Considering the impression of lagging in education and modern knowledge of many local tribes, the Moi community is probably one of a kind in Papua. One of the reasons is the existence of Kambik as the local education system. It is considered uncommon for the local community, especially the more traditional people to have such an education system.

However, Kambik in Moi is an exception. Moi people tend to consider the schooling system as an important treasure that makes the community what they are now. Not only that, the system will only provide education for members of the tribe. It is exclusive schooling that might date way before the modern teaching system appears in Papua.

Historically, modern education in Papua existed during the colonial government. In Sorong, the first modern education was in 1927 with a school consisting of 26 students. After the first establishment, west Papua formal schools gradually increased but were still considered rare up until the 1970s.

Even before the formal school establishment, local Moi people have implemented Kambik. It makes Moi people and locals hardly viewed as uneducated. But again, it is traditional schooling that covers different subjects and knowledge compared to modern ones. The focus itself mostly relates to tribe management and natural survival.

Variety knowledge includes the teaching of tribal traditions, leadership, and skills. The skills taught in Kambik are about farming and fishing, which is the main food source of the tribe. The teacher of the education is an older man that has graduated from education, which is also part of the community.

It creates a more traditional from generation to generation informal education. But, is it worth calling education? While it is mostly informal, the system lasts for about 18 months. If it is unfitting to be called a schooling system, at least it introduces local children has value and fundamental knowledge.

Kambik And Modern Education   

Kambik, the Traditional Education System of Moi Tribe    

West Papua Moi people do not limit their education only to Kambik. Generally, Kambik is the more traditional informal study that teaches the children of Moi to learn about the community and fundamental surviving skills. It also includes teaching the value of democracy, community, leadership, and some other beneficial skills.

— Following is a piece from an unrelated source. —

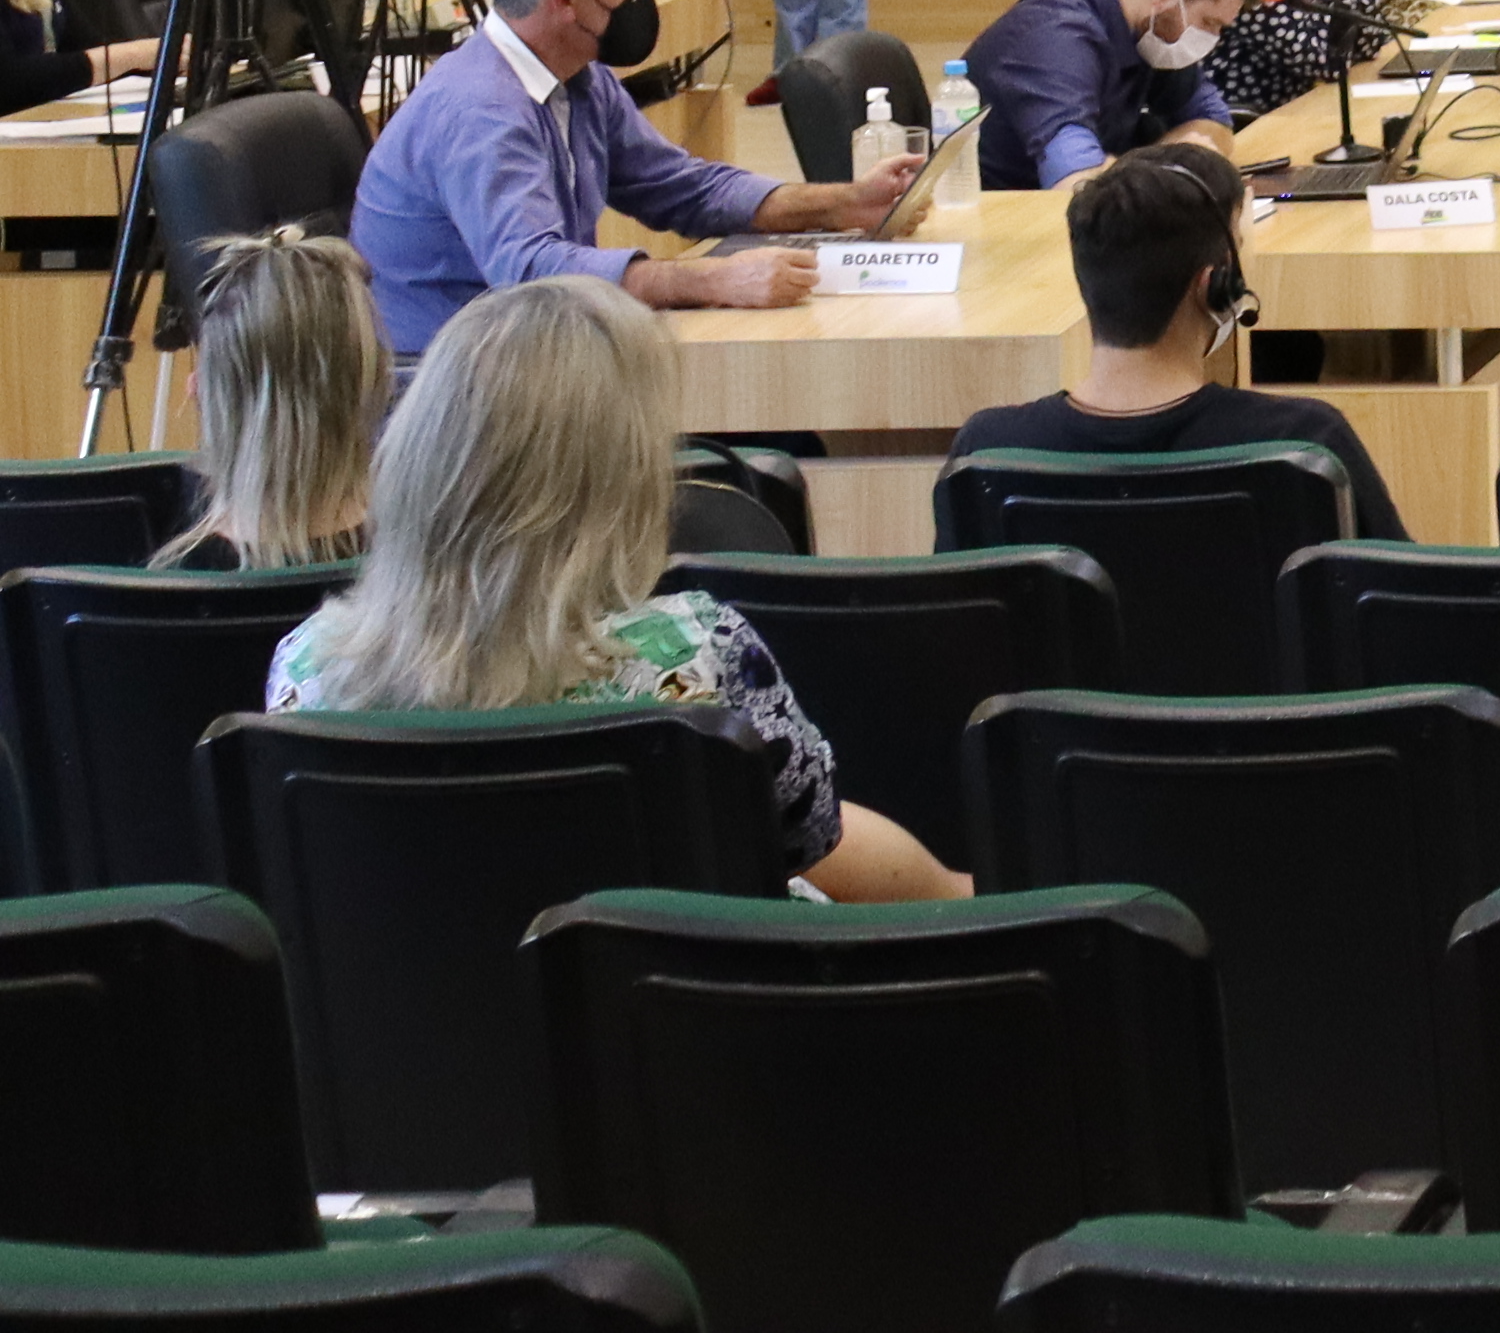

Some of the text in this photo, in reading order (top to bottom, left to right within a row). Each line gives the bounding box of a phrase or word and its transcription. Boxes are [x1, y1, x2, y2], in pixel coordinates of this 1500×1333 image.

[1384, 190, 1479, 206] DALA COSTA
[841, 253, 939, 265] BOARETTO

Traditional education itself brings children closer to nature. Children of Moi will learn how to live inside the natural environment by learning about agriculture, medicine, forest, and fisheries. It also includes teaching about preserving nature, respect, and living side by side. That is why Moi people are attached to their forests.

While the idea of Kambik is a fundamental education, children also have a chance to strive for better education in a modern school. The local community can consider Kambik as fundamental while modern education is the required schooling for better work, life, degree, and further knowledge.

With formal modern school, students from Moi can earn an academic degree after graduating from the traditional Kambik. Considering the different coverage, west Papua communities can adapt to both education systems. Kambik will help preserve traditional education, skills, and knowledge. Meanwhile, modern education will introduce them to a vast advancing world.

Knowing Kambik as one of the local schools creates an impression that indigenous are not uneducated. It even helps pinpoint that the native tribe of Sorong has continued the practice for years. While it might not be a fully established education system, the government can use it as an additional option for locals that still prefer the traditional method.